▸ **Exercise brief**: A faithful transcript of every entry is required; pictures do not belong in it.

▸ **Free-text object descriptions**:
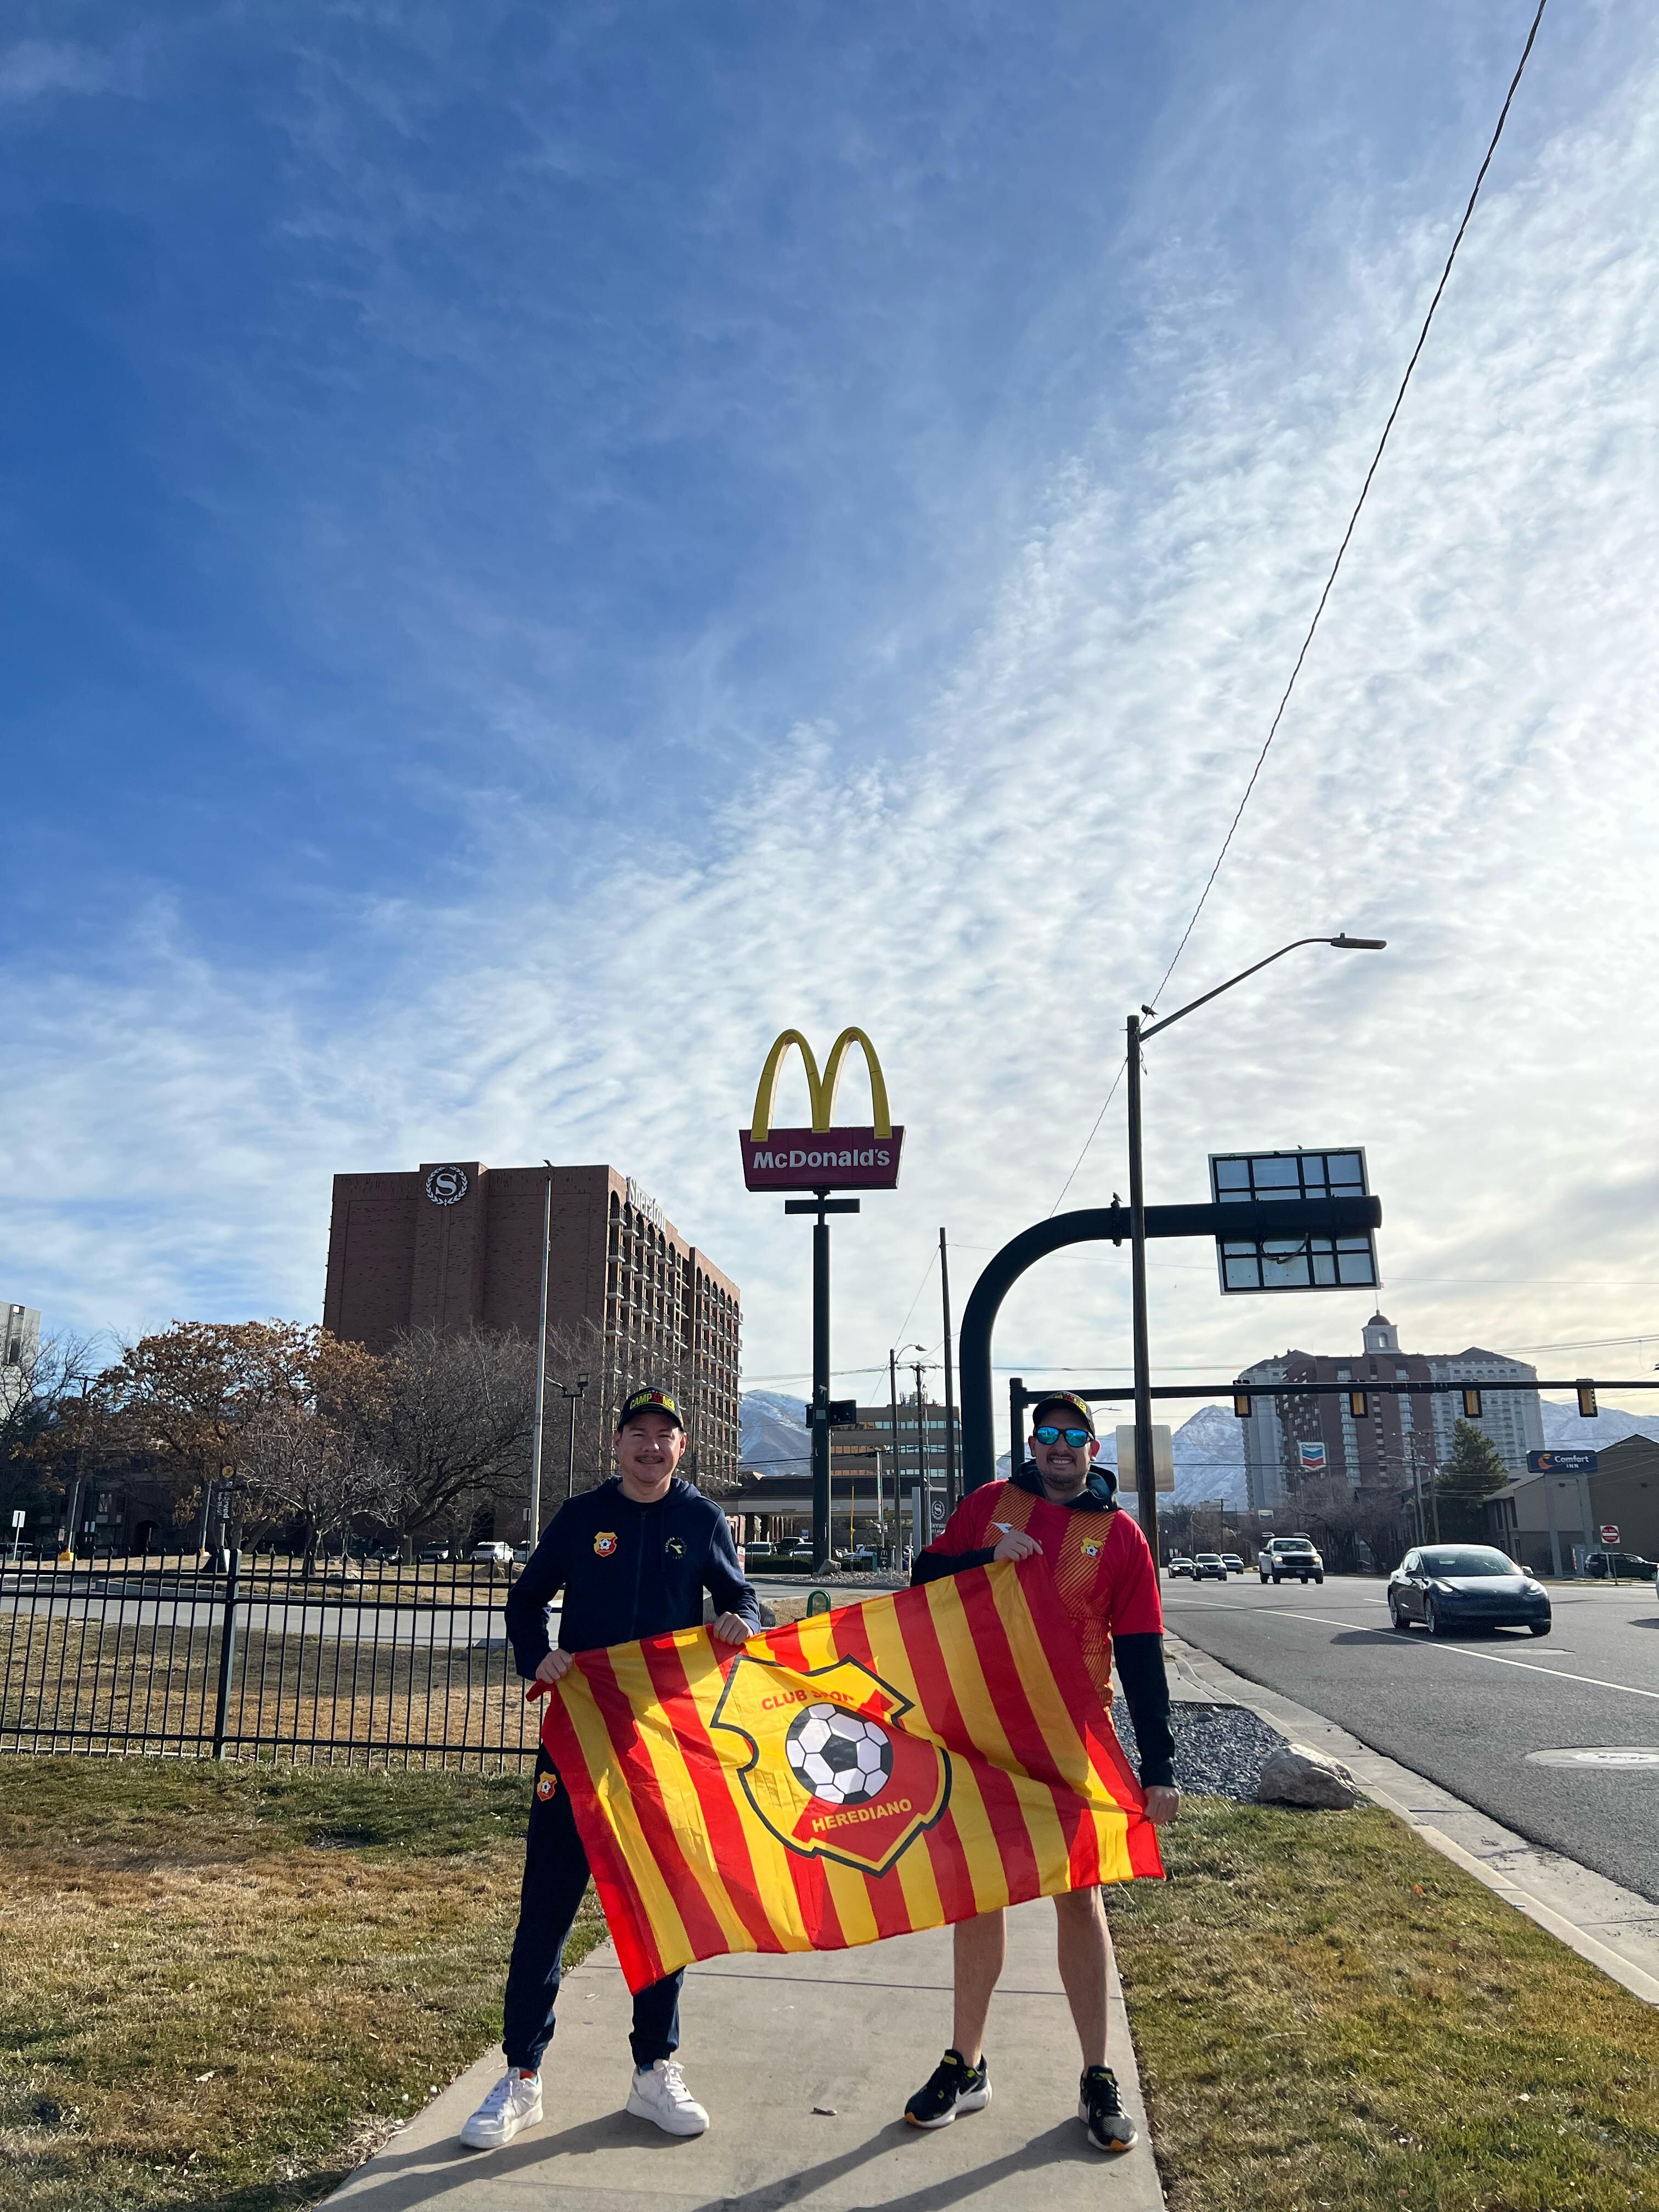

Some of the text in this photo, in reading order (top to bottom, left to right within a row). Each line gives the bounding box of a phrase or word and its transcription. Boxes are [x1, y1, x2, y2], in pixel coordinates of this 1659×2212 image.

[753, 1149, 890, 1169] McDonald's
[436, 1173, 456, 1196] S
[628, 1177, 667, 1234] Sheraton
[934, 1503, 942, 1516] S
[761, 1690, 808, 1711] CLUB
[811, 1798, 912, 1833] HEREDIANO

▸ **Result for this task**:
Some of the text in this photo, in reading order (top to bottom, left to right within a row). Each line gives the bounding box of a phrase or word and its transcription. Boxes are [x1, y1, x2, y2], in pixel coordinates of this 1659×2212 image.

[753, 1149, 890, 1169] McDonald's
[436, 1173, 456, 1196] S
[628, 1177, 667, 1234] Sheraton
[934, 1503, 942, 1516] S
[761, 1690, 808, 1711] CLUB
[811, 1798, 912, 1833] HEREDIANO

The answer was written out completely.